If successful, this project will make it easier for physicians to replace limbs or other large areas of tissue, such as skin from burns or chemical injuries, with transplanted tissue. Such repairs could give combat injured veterans a better chance at a full functional recovery and be more cosmetically appealing. Currently, these types of injuries usually are treated with prosthetic devices or partial skin grafts.
“We plan to find effective methods to transplant healthy tissue to replace tissues lost as a result of service-related injuries,” says Stephen T. Bartlett, M.D., professor of surgery and medicine and head of the Division of Transplantation at the University of Maryland School of Medicine. Dr. Bartlett is one of the lead investigators in this project.
“Results of our work will benefit all patients who need organ or tissue transplants,” adds Dr. Bartlett, who is the chief of Transplant Surgery at the University of Maryland Medical Center in Baltimore, which has the largest kidney transplant program in the United States.

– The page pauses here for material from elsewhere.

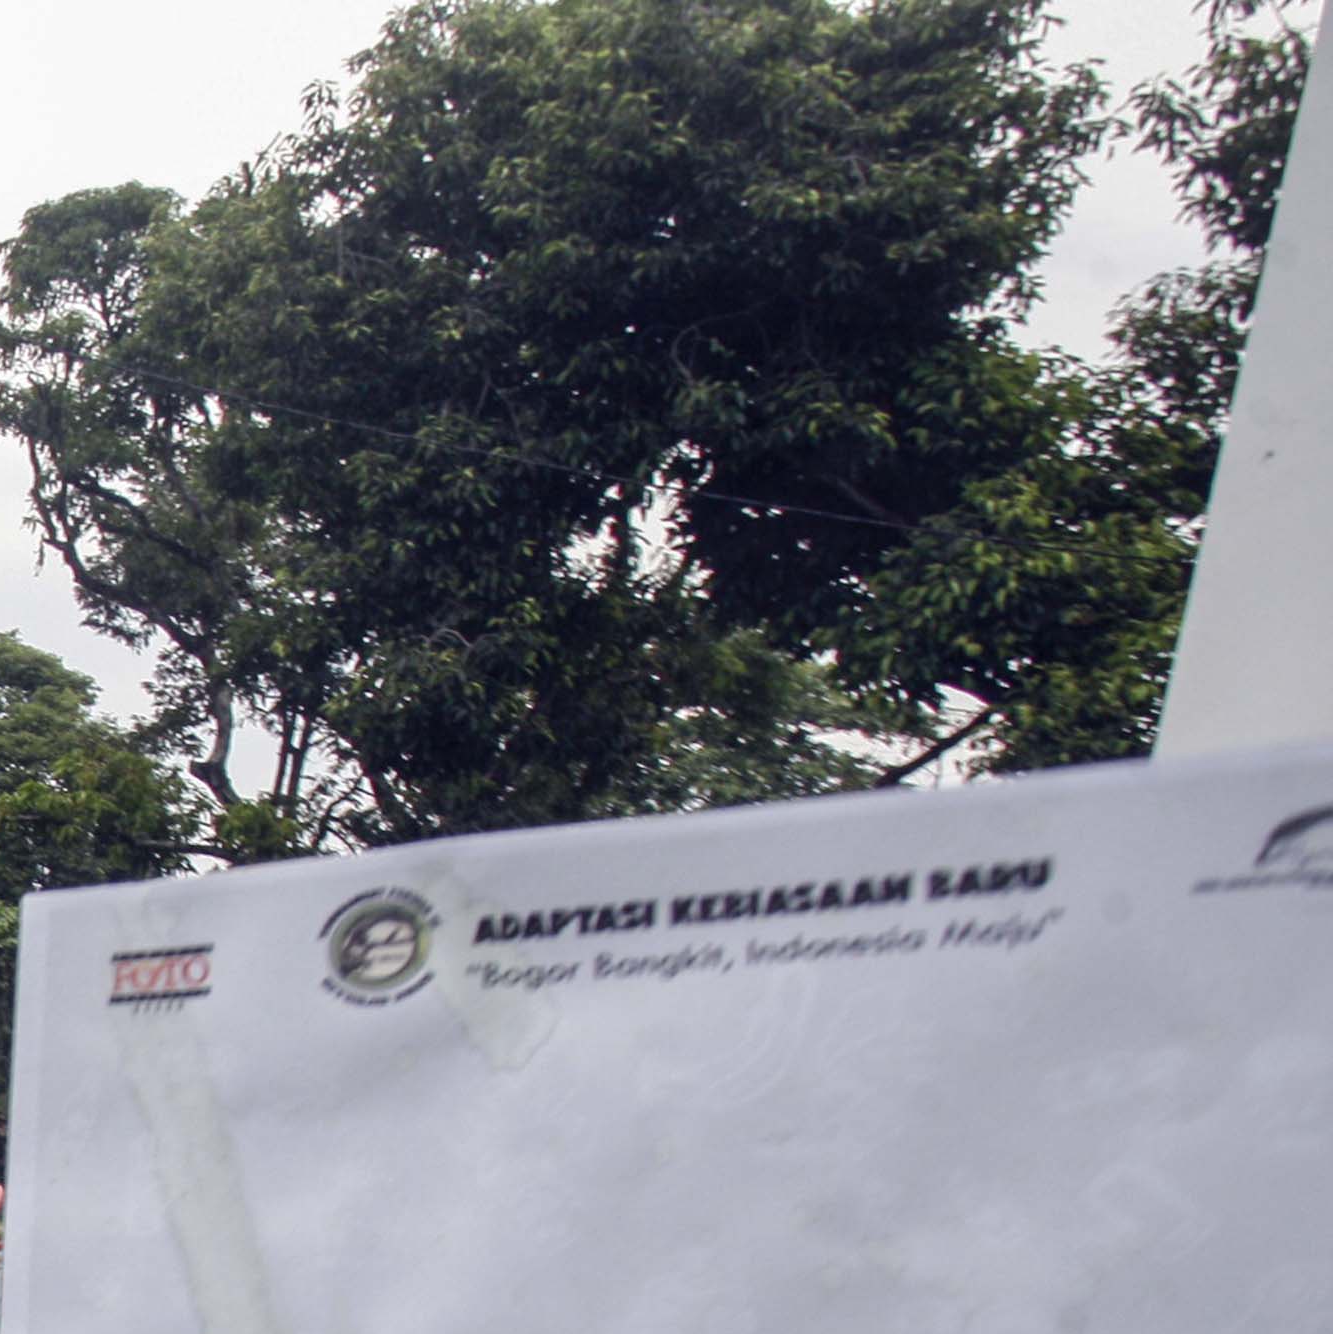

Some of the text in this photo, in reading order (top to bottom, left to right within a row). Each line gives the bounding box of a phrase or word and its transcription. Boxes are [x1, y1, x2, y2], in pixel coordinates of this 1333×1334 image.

[472, 854, 1055, 947] ADAPTASI KEBIASAAN BARU
[745, 925, 927, 965] Indonesia

Currently, people who receive an organ or tissue transplant must take powerful anti-rejection drugs that suppress the immune system and make them more at risk of infections, cancer, and other health complications. Higher doses of these powerful drugs are necessary for people who need donor tissue transplants following traumatic injuries or after extensive, disfiguring surgery that may be required in order to save someone’s life. Such tissues include skin, muscle, bone and blood vessels and are referred to as composite tissue transplants.

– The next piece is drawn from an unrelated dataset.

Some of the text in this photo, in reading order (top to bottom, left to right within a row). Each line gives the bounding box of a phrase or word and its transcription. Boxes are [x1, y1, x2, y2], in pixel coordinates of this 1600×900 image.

“About 10 to 15 percent of all combat-related injuries lead to a major loss of tissue that could potentially benefit from composite tissue transplantation,” says Allan D. Kirk, M.D., Ph.D., from the Navy Medical Research Center Transplantation Laboratory and one of the lead investigators in the project.
“Unfortunately, the medications required to prevent rejection of these types of transplants are too toxic to justify their use in non-life threatening conditions. In addition, composite tissue grafts seem to be more vigorously rejected and tend to need better anti-rejection therapy than is available today. By improving our ability to prevent rejection without the use of immune suppressing drugs, transplant therapies could be applied to more conditions,” says Dr. Kirk.
“We will be testing many approaches in the laboratory and in clinical trials. In general, we will be targeting specific cells or receptors rather than the entire immune system. This targeted approach would enable the rest of the immune system to function more normally,” according to Dr. Bartlett.
A key feature of the research will be to test the elimination of corticosteroid drugs following a transplant. These drugs can cause serious side effects, including diabetes, hypertension, bone thinning, weight gain and cataracts. If their use can be stopped safely, it would be especially beneficial for patients who need composite tissue transplants because corticosteroids impair wound healing.
“We are delighted to have the University of Maryland as our partner in this research,” says Dr. Kirk. “The R Adams Cowley Shock Trauma Center and the Joseph and Corinne Schwartz Division of Transplantation at the University of Maryland Medical Center are recognized centers of excellence in both trauma and transplantation care. The Naval Medical Research Center has a highly sophisticated research program to study the effect of new agents on preventing rejection without traditional drugs that suppress the immune system. Combining the resources of both centers makes good sense to improve the potential therapies for injured service men and women.”